Plague Sisters kept a diverse colony of insects within their
care, but he should have been able to manipulate them far more effectively than
he had. If the organs and entrails he’d mended on the slabs had been those
belonging to real human beings, he doubted his patients would have entirely
recovered. Some may not have lived. He knew the outcome of his evaluation even
before Yah Tayyib spoke.
“We have spent some time discussing
your evaluation,” Yah Tayyib said. “My fellow magicians and Plague Sisters
agree that you have some skill in the arts. No doubt Yah Reza would not have
undertaken your tutelage if she did not believe you were gifted.” He carefully
pressed the tips of his fingers together. “Unfortunately, we have not deemed
your talent sufficient to grant you a practicing government license.”
Rhys exhaled. What had he expected,
that a Chenjan man in his prime would be given leave to walk through a palace
filter and perform surgery on the Queen’s ministers? There would be no easy
road, no well-paying government job. But hearing it out loud felt better than
he thought it would. Something, some expectation, had been cut away. Hope,
maybe.
“However,” Yah Tayyib said, “we find
it acceptable to grant you a provisional license that allows you to practice so
long as you are employed. Yah Reza has expressed interest in keeping you on at
the magicians’ quarters as a teacher, if you wish it. Otherwise, you’re free to
take up gainful employment with whatever employer you see fit. Do you have any
questions?”
Rhys looked over at Yah Reza. She
smiled her sen-stained smile. She intended on keeping him prisoner for the rest
of his days, then.
“Yes,” Rhys said, turning back to
Yah Tayyib. “Is the denial of my government license based on my talent or my
race?”
The old magician shook his head.
“Rhys, if you were as talented as Yah Reza hoped, we would have no choice but
to grant you a government license. Nasheen could not turn away one with such
skill. But your talents are middling. We have no place among the palace
magicians or within the First Families for a mediocre Chenjan magician. You are
better suited for the private sector.”
Rhys swallowed his words. What was
there left to say? His father had cursed him the night he refused him. Cursed
and abandoned him. This is my penance, Rhys thought, this time among godless Nasheenians.

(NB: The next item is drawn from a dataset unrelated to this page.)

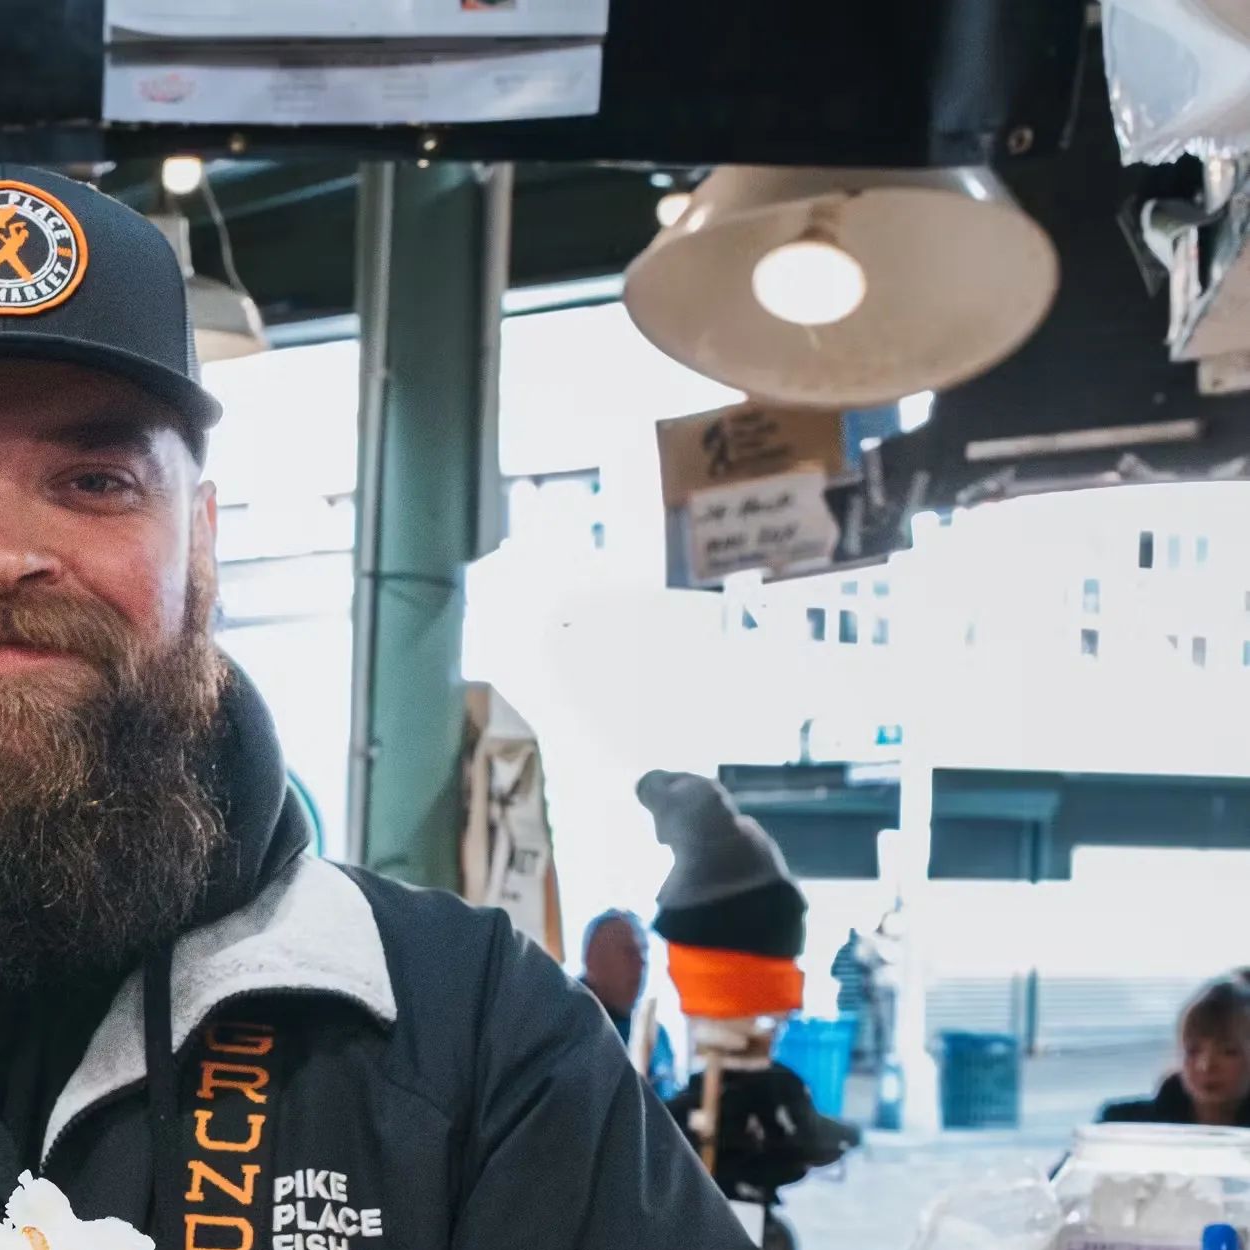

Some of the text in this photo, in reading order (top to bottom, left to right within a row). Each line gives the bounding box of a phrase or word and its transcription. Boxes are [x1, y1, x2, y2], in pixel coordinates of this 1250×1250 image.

[7, 193, 70, 241] PLACE
[273, 1168, 348, 1203] PIKE
[272, 1201, 383, 1237] PLACE

“Thank you,” Rhys said finally.
Yah Reza led him out.
When the door closed behind them,
she said, “It is not such a terrible thing, to teach Nasheenian magicians. You
are capable with children and the teaching of standard arts.”
“I will not be staying long,” Rhys
said. “I’ll find employment elsewhere.”
“Of course,” Yah Reza said, and he
should have realized then that she knew something he did not.
The magicians did no end of business
with bel dames and bounty hunters. Both groups often came to the gym looking
for new recruits—petty magicians and women just back from the front. Government
officials frequented the fights as well, recruiting veterans and magicians as
order keepers. Rhys spent week after week at the gym acting the part of a cheap
harlot, trying to sell his services. But no bel dame would have him, and the
order keepers, of course, would not even speak to him. The magicians could
afford to pretend not to notice his accent and his coloring, but the rest of
Nasheen… the rest of Nasheen saw him for what he was—a Chenjan man, an infidel,
an enemy.
Yah Reza caught up with him one
afternoon in his chambers as he penned a response to an ad for a tissue
mechanic he had found in the morning’s newsroll. If they wouldn’t hire him on
as a magician, he would spend his days digging into the guts of bakkies in
Mushtallah. It was better than a lifetime of servitude to Nasheenian magicians.
Most tissue mechanics were just like him—failed magicians working for bread and
bugs.
“Why not give this up, baby doll?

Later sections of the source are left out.